It is very difficult to screen children for dyscalculia. Children may get answers wrong because they have applied a method incorrectly – or it may be wrong because they do not have a grasp of what is being asked. The term dyscalculia is being used to cover both children who are late to move from concrete understanding to abstract and also those children who, in my opinion are truly dyscalculic. In early schooling it is difficult to separate the two.
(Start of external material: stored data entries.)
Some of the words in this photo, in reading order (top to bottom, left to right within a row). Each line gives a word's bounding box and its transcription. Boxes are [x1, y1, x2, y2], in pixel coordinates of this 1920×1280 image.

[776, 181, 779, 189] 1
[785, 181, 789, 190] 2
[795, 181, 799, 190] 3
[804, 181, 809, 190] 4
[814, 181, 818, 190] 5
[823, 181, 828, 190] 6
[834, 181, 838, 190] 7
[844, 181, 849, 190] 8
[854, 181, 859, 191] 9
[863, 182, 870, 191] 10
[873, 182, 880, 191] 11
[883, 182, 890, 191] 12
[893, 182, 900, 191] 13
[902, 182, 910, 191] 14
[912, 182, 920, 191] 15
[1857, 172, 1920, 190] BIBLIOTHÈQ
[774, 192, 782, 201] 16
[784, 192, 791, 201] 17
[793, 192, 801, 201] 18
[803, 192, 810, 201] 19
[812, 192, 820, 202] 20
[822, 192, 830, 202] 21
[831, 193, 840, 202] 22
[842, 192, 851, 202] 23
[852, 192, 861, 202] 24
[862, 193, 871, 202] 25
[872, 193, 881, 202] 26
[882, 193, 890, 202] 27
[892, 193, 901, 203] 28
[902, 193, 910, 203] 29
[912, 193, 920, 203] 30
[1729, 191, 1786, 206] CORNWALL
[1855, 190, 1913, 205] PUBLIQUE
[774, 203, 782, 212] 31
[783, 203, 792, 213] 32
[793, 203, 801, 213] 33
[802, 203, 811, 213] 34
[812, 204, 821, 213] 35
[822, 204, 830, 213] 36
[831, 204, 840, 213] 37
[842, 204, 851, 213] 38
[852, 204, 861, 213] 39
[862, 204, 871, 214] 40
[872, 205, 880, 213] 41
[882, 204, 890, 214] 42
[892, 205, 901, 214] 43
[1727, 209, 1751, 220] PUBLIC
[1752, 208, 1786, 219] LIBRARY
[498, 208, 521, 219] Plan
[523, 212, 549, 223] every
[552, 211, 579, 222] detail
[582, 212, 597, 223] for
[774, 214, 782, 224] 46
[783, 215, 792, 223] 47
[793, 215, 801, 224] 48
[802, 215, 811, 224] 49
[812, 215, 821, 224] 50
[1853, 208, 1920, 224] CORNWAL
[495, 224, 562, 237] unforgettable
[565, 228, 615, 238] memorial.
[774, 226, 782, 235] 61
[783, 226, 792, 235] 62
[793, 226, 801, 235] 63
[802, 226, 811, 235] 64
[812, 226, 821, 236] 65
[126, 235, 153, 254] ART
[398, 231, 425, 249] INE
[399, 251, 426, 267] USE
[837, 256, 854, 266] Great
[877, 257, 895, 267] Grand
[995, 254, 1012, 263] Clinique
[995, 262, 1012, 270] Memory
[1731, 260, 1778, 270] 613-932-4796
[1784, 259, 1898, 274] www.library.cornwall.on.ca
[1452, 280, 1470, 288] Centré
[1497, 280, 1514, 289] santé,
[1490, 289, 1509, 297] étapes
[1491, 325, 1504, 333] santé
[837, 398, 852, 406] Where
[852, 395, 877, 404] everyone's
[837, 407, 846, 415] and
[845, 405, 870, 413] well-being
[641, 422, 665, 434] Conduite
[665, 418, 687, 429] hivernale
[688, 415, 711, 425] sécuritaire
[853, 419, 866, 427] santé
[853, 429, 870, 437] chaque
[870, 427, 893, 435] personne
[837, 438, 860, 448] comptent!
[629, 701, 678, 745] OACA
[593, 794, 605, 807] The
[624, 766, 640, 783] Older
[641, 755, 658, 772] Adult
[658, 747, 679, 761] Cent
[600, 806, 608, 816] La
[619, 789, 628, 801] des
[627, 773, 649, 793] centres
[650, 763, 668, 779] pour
There are indicators which give early clues to both late development and dyscalculia, and I think the most productive way of screening children is to train the TAs who are working with the ‘support’ groups to identify these children early and ensure that they are working at a meaningful level. A message I always give to TAs is – ‘Beware of Death by Worksheet’! Commercial worksheets tend to be a ‘best fit’ and many are not designed at a level that is personal enough for support groups. If children have to have the sheet read to them, or if they need the TA to explain what to do again, the sheet is inappropriate and the child would be better served by being given some concrete experience at his level of understanding in order to consolidate, internalise and gain speed of use of that skill.
Independent work
We need to provide the experience of ‘normal’ independent working for all children – in other words, activities that they can settle down to before asking for help, activities that children can ‘use and apply’ to problem solving in real life situations, activities that they can share with other children to demonstrate their understanding, and activities that they can talk about at home in order to help parents to understand how maths is being taught today.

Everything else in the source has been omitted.